# [Work required]
The reply should contain the full listing exactly as written and no pictures at all.

# [Data for this exercise]
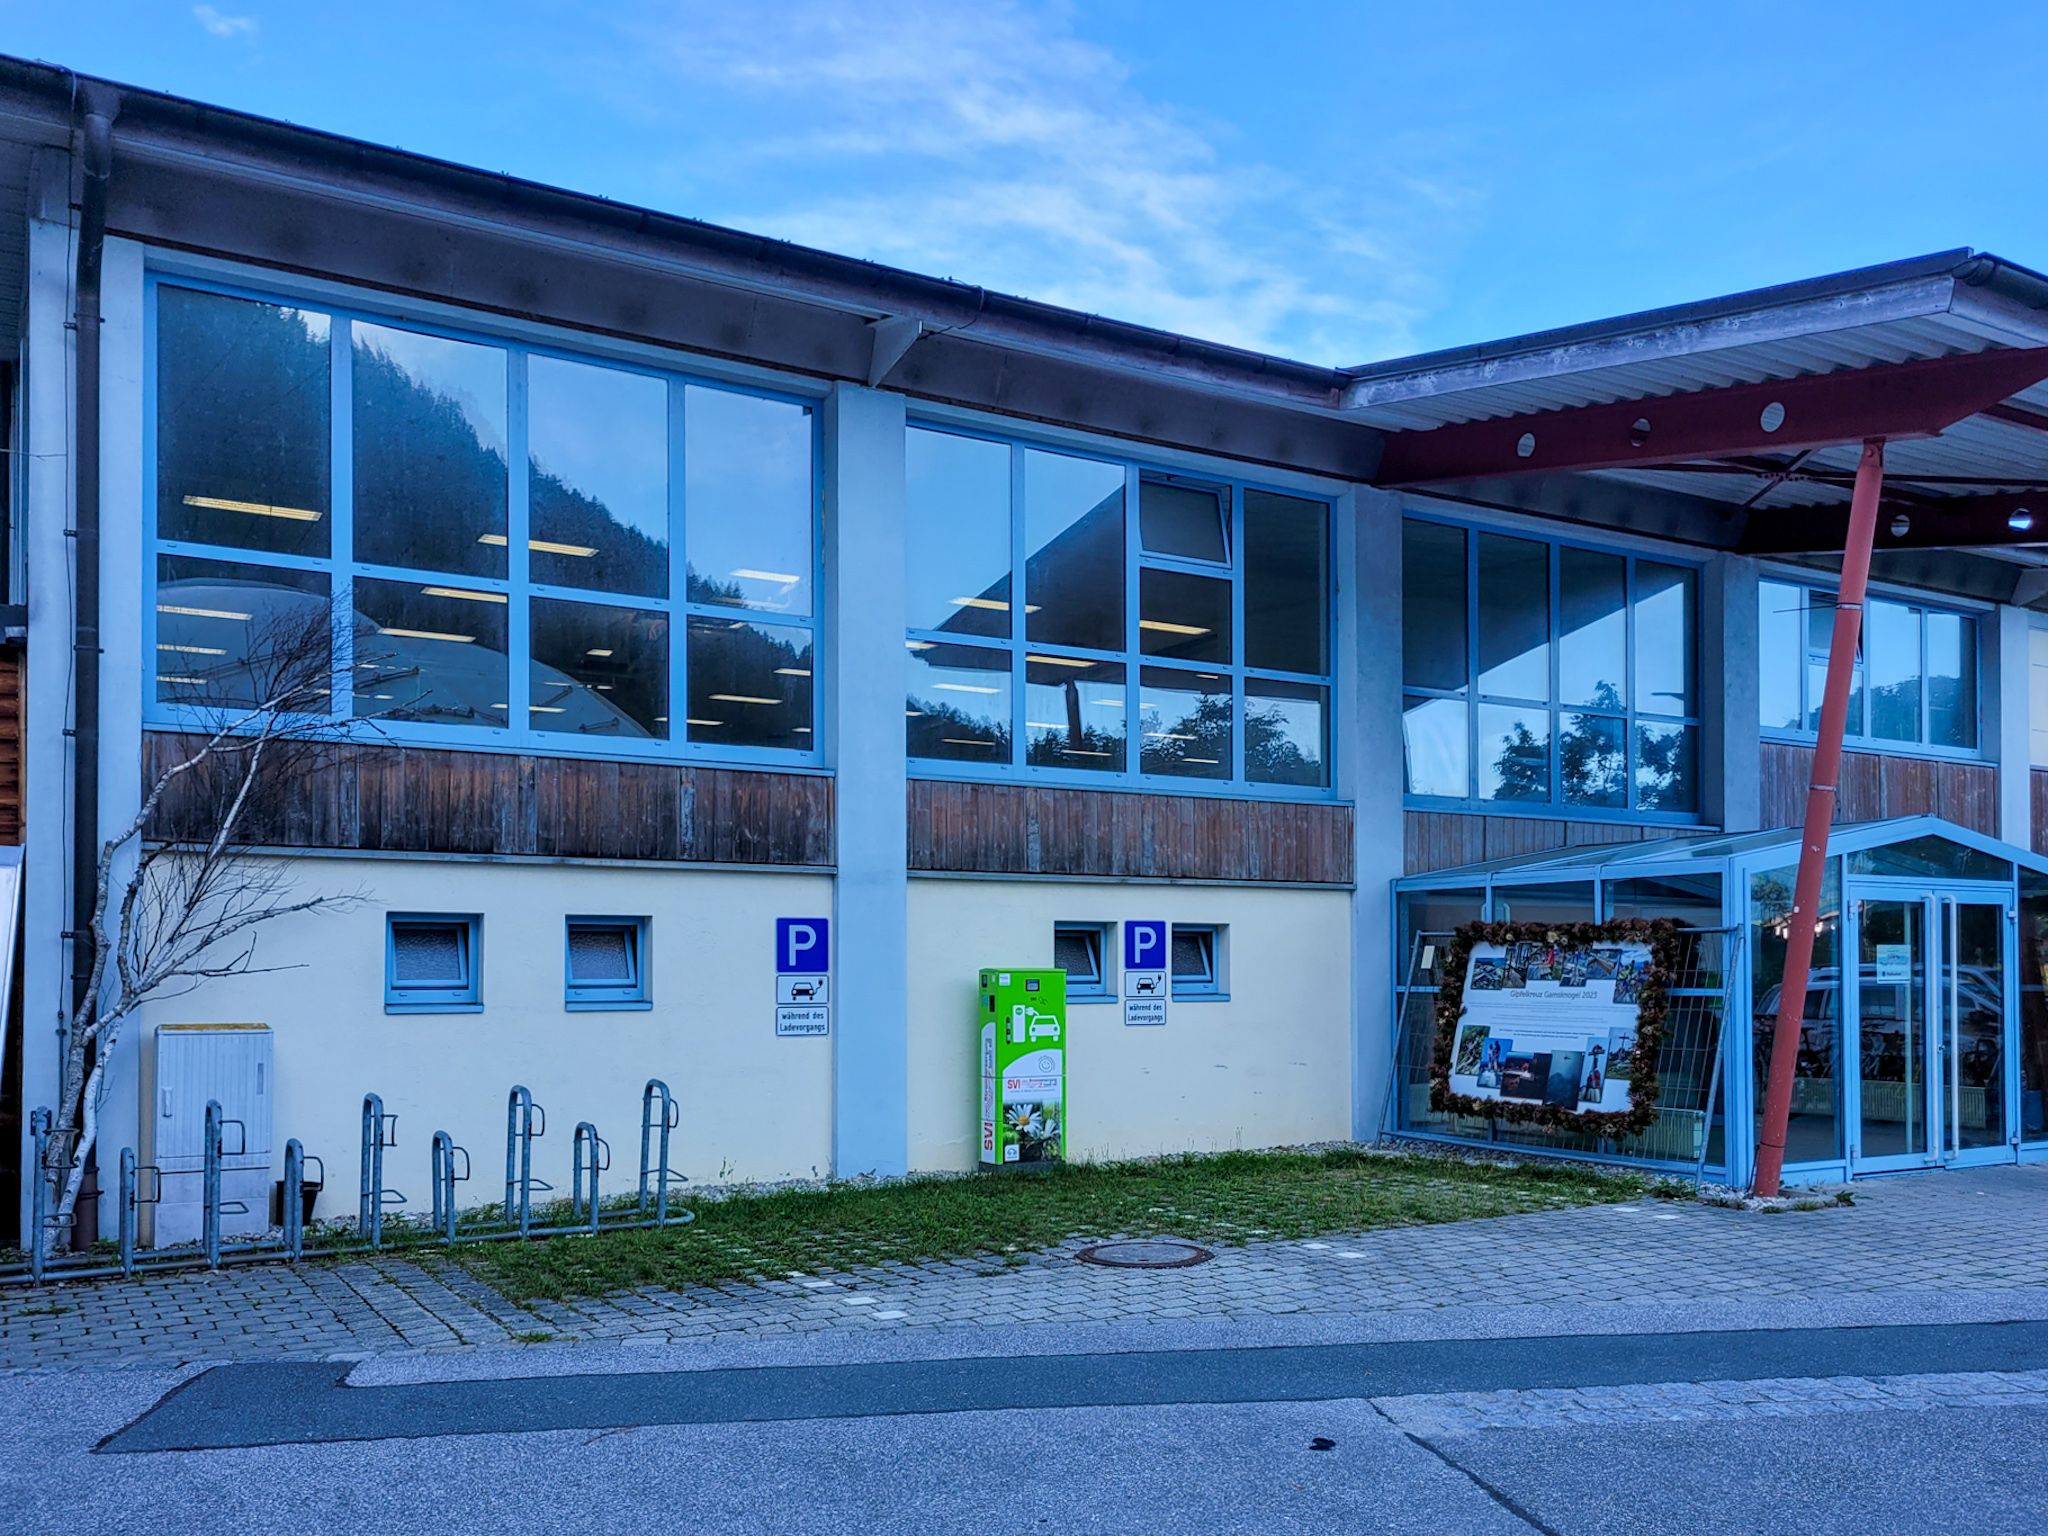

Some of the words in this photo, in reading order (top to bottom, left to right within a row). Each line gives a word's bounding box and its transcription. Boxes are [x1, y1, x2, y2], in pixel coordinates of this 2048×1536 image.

[788, 924, 817, 967] P
[1134, 926, 1157, 964] P
[1582, 991, 1598, 999] 2023
[1129, 1003, 1151, 1011] während
[1153, 1003, 1162, 1011] des
[781, 1011, 810, 1020] während
[812, 1011, 825, 1020] des
[1127, 1014, 1163, 1023] Ladevorgangs
[779, 1023, 826, 1033] Ladevorgangs
[1007, 1079, 1021, 1089] SVI
[984, 1122, 993, 1151] SVI
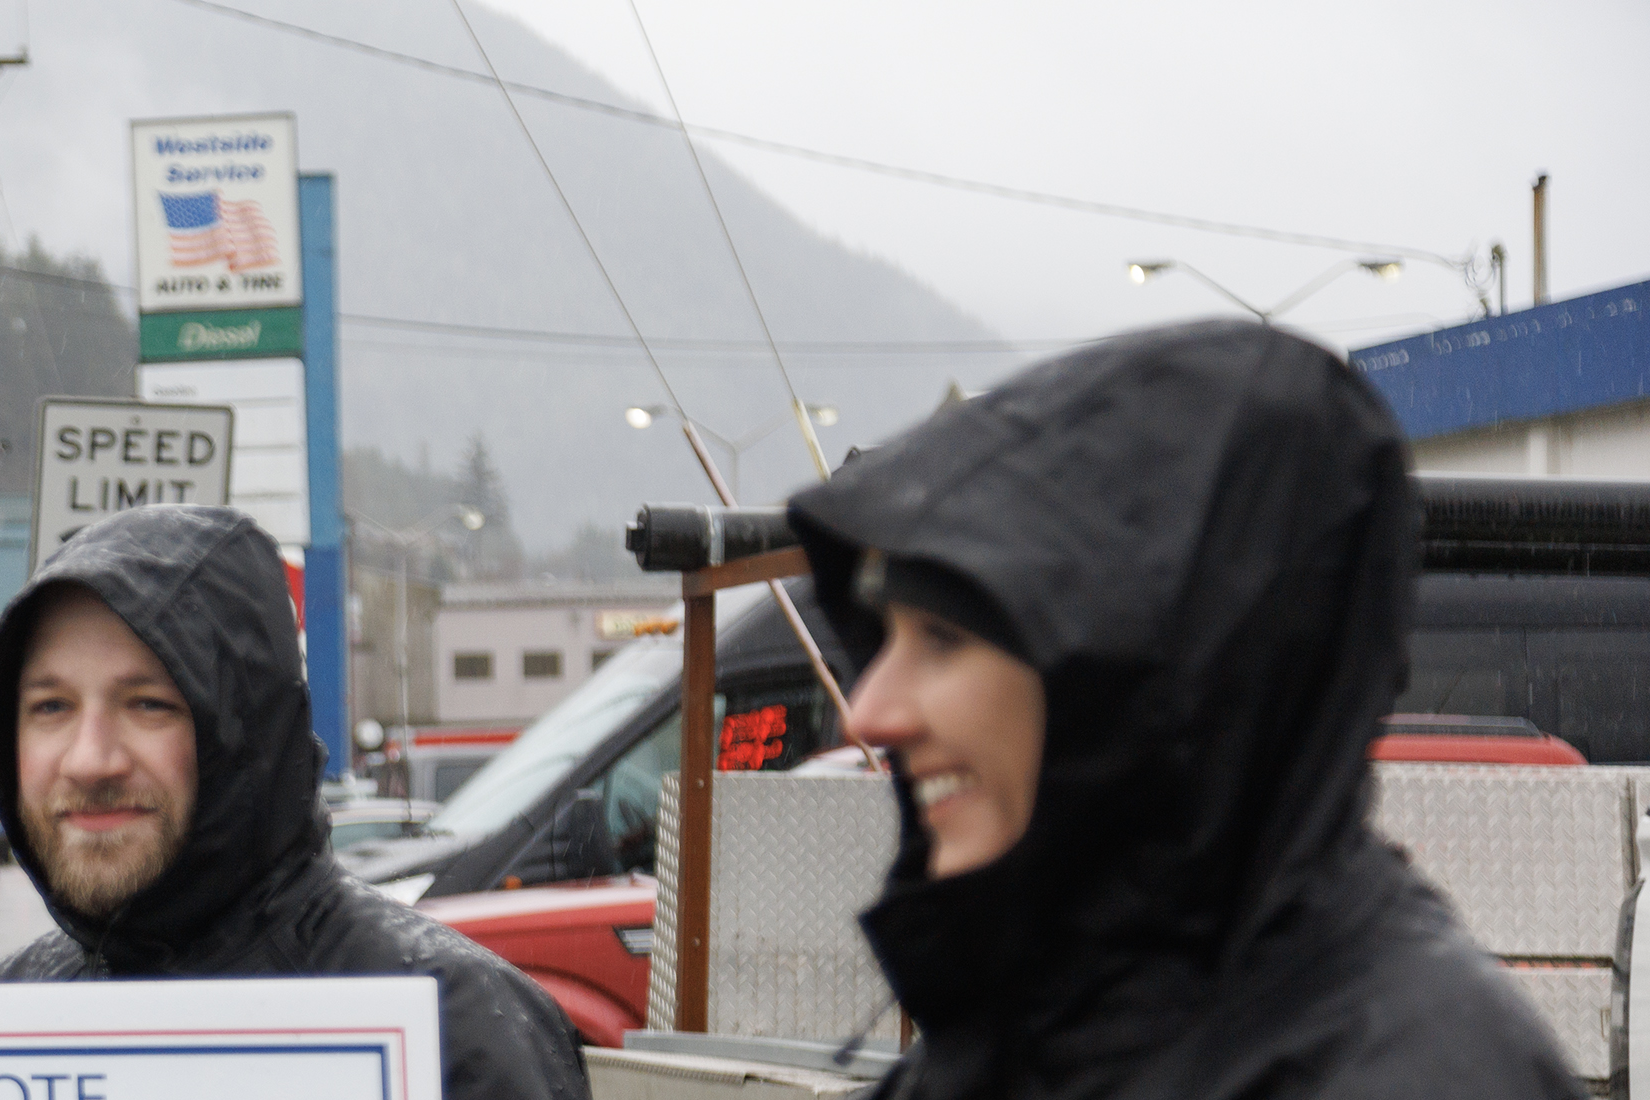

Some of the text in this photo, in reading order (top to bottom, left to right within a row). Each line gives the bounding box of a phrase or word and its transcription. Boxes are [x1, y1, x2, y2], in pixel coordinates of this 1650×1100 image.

# [Response to the exercise]
Some of the words in this photo, in reading order (top to bottom, left to right within a row). Each line gives a word's bounding box and its transcription. Boxes are [x1, y1, x2, y2], in pixel coordinates of this 2048×1536 image.

[788, 924, 817, 967] P
[1134, 926, 1157, 964] P
[1582, 991, 1598, 999] 2023
[1129, 1003, 1151, 1011] während
[1153, 1003, 1162, 1011] des
[781, 1011, 810, 1020] während
[812, 1011, 825, 1020] des
[1127, 1014, 1163, 1023] Ladevorgangs
[779, 1023, 826, 1033] Ladevorgangs
[1007, 1079, 1021, 1089] SVI
[984, 1122, 993, 1151] SVI

Some of the text in this photo, in reading order (top to bottom, left to right within a row). Each line gives the bounding box of a phrase or word and its transcription. Boxes are [x1, y1, x2, y2], in pixel coordinates of this 1650×1100 image.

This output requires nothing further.